2. Description of Related Art
With energy prices at all time highs, companies involved in the discovery and production of hydrocarbons are pursuing deeper offshore oil and gas plays. As well depths increase, well architecture becomes more challenging. Geologists, geophysicists and petroleum engineers understand that as well depths increase, so does formation pressure and temperature. It is estimated that pressures of 30,000 psi and 500 deg F. and beyond may become commonplace in future wells. The industry acronym for High-Pressure and High-Temperature wells is HPHT. As HPHT conditions present themselves in deep wells, the equipment needed to safely complete and produce HPHT wells must be developed to withstand safely the rigors of these extreme conditions.
Industry is developing methods and materials to drill the HPHT wells safely, but technology gaps in equipment placed in the wells for producing the wells, called “well completion equipment,” also must be addressed.
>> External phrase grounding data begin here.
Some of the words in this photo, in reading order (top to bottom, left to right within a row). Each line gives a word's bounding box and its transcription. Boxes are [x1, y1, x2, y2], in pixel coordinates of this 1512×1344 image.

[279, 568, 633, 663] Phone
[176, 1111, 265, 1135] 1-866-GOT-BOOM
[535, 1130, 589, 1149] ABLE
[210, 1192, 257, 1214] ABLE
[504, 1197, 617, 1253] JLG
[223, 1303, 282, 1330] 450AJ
This includes, but is not limited to devices that are normally larger diameter than the tubing, such as subsurface safety valves, packers, flow control devices (e.g., sliding sleeves), tubing hangers, on-off attachments, and gas lift or instrument mandrels as well as equipment normally the same diameter as tubulars that would preferably be smaller in diameter, as least in some segments of a well, such as production tubing, liners, expansion joints and their connectors. Several papers have been published recently addressing and discussing “gaps” in current technology (for examples, “Ultra Deep HPHT Completions: Classification, Design Methodologies and Technical Challenges, OTC 17927, Offshore Technology Conference, Houston, Tex., May. 2006; “HPHT Completion Challenges,” SPE 97589, Society of Pet. Engrs., May, 2005).
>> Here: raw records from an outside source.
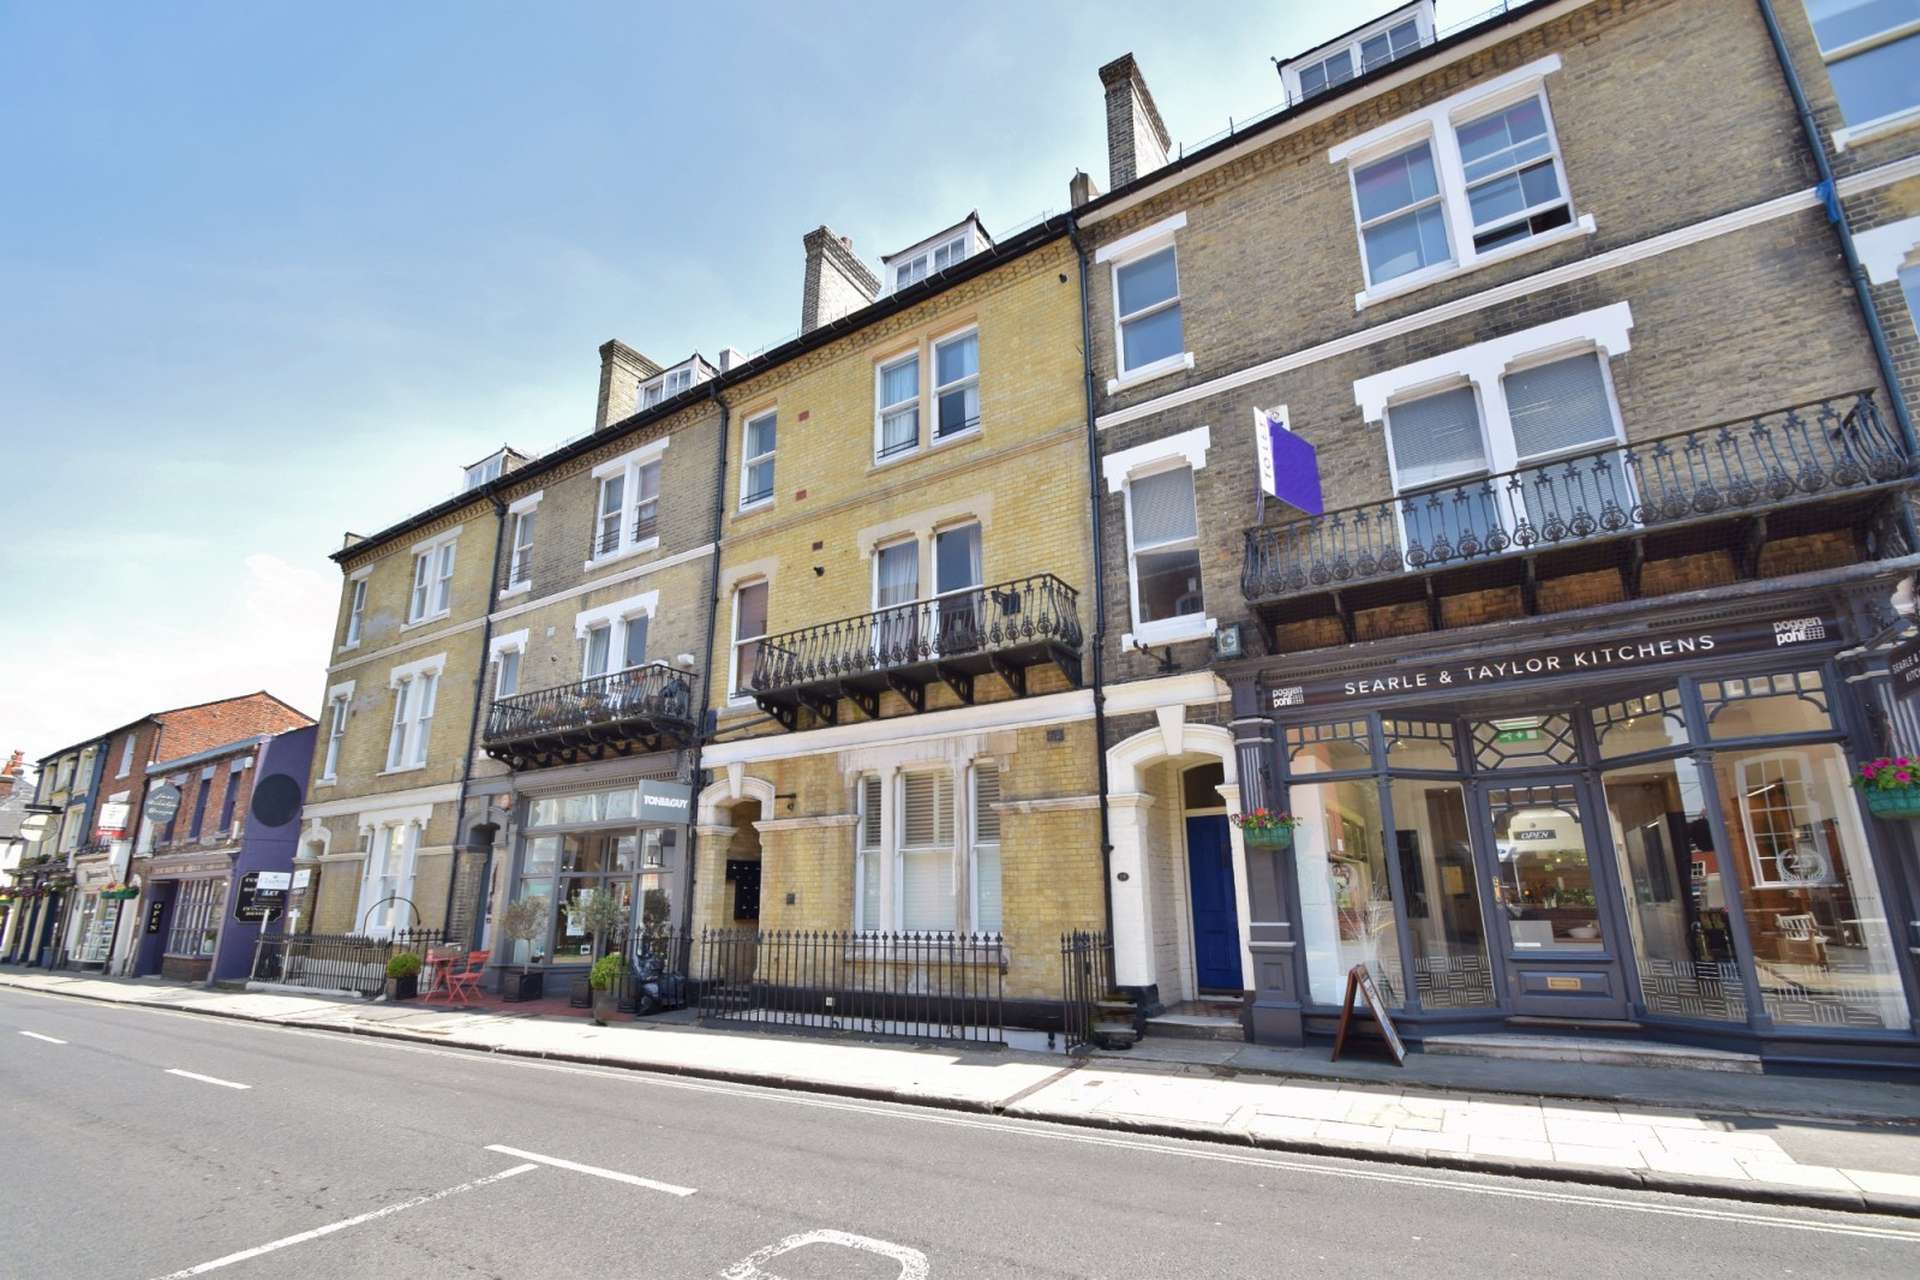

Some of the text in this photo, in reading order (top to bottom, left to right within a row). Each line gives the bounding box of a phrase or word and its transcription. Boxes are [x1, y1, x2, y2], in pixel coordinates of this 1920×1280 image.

[1773, 617, 1823, 634] poggen
[1776, 628, 1806, 646] pohl
[1345, 635, 1715, 695] SEARLE & TAYLOR KITCHENS
[643, 795, 688, 809] TONI&GUY
[1520, 831, 1549, 840] OPEN
[150, 903, 162, 932] OPEN
Substances present in fluids produced from HPHT wells are often detrimental to materials that form tubulars and well completion equipment. One of the worst substances is hydrogen sulfide (H2S), which can cause stress corrosion cracking, especially of materials that have high yield strength. Another substance that is often present in HPHT wells is carbon dioxide (CO2), which can cause weight loss corrosion. The National Association of Corrosion Engineers (NACE) has developed guidelines for selecting materials that can be used in the presence of adverse wellbore chemistry. Most often these “NACE materials” fall in the mid-range of material hardness and yield strength.
Additionally, there is recognition among mechanical engineers that guidelines and practices for the safe design of equipment at 15,000 psi and 300° F. are vastly different for the requirements of 30,000 psi and 500° F. As an outgrowth of this knowledge, The American Petroleum Institute (API) is in the process of adopting the requirements of ASME Section VIII Division III into the design requirements of downhole equipment. Section VIII Division III practice requires that Ultra High Pressure Vessels have the allowable stress on materials de-rated as a result of temperature and that a fracture analysis be performed as a part of the design realization process. The simply stated result is that the wall thickness of pressure-containing devices must be very thick if homogeneous NACE materials are used in downhole pressure-containing vessels.
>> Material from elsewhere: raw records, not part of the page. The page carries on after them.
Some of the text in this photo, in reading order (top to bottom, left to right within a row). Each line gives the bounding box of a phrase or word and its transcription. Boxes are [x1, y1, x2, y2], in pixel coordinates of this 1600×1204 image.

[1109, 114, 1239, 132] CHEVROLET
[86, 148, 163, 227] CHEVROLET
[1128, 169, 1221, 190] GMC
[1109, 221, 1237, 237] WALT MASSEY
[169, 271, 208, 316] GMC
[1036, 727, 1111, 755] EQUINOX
When drilling a well, costs are much higher as depth increases. A similar relationship exists with the diameter of the hole being drilled. Larger diameter, deeper holes become prohibitively expensive unless production flow area (inside diameter of the production tubing) is maximized. Operators want the largest possible flow area in the smallest possible hole. The economic viability of a project is determined by the flow rate from the well. For deep, expensive wells, the production flow area (diameter of the tubing) must often be 5½-in, 7-in, or in some cases 9⅝-in. The design of the well must have its genesis at the inside diameter of the production tubing and work outward to determine what diameter hole must be drilled.
These factors serve to work against each other in the following summarized manner. Wellbores must be deeper to reach pay zones. Production flow areas must be maximized and the hole diameter must be minimized for the well to be economic. The cost of drilling a well is much more expensive as the diameter and depth each increase. Materials must be tailored to the environment, but use of the strongest materials may be inadvisable or prohibited due to NACE requirements to avoid chemical attack. Design practices require thicker and thicker walls to accommodate these factors. Smaller drilled holes, bigger flowing bores, and thicker wall requirements are conflicting requirements.
What is needed is the development of a pressure-containing body that minimizes wall thickness, uses NACE materials where exposed to production fluids, fits in the smallest possible drilled and cased hole, and yields the largest possible flow area for the well. Use of such a body or device can significantly improve the economic viability of new wells.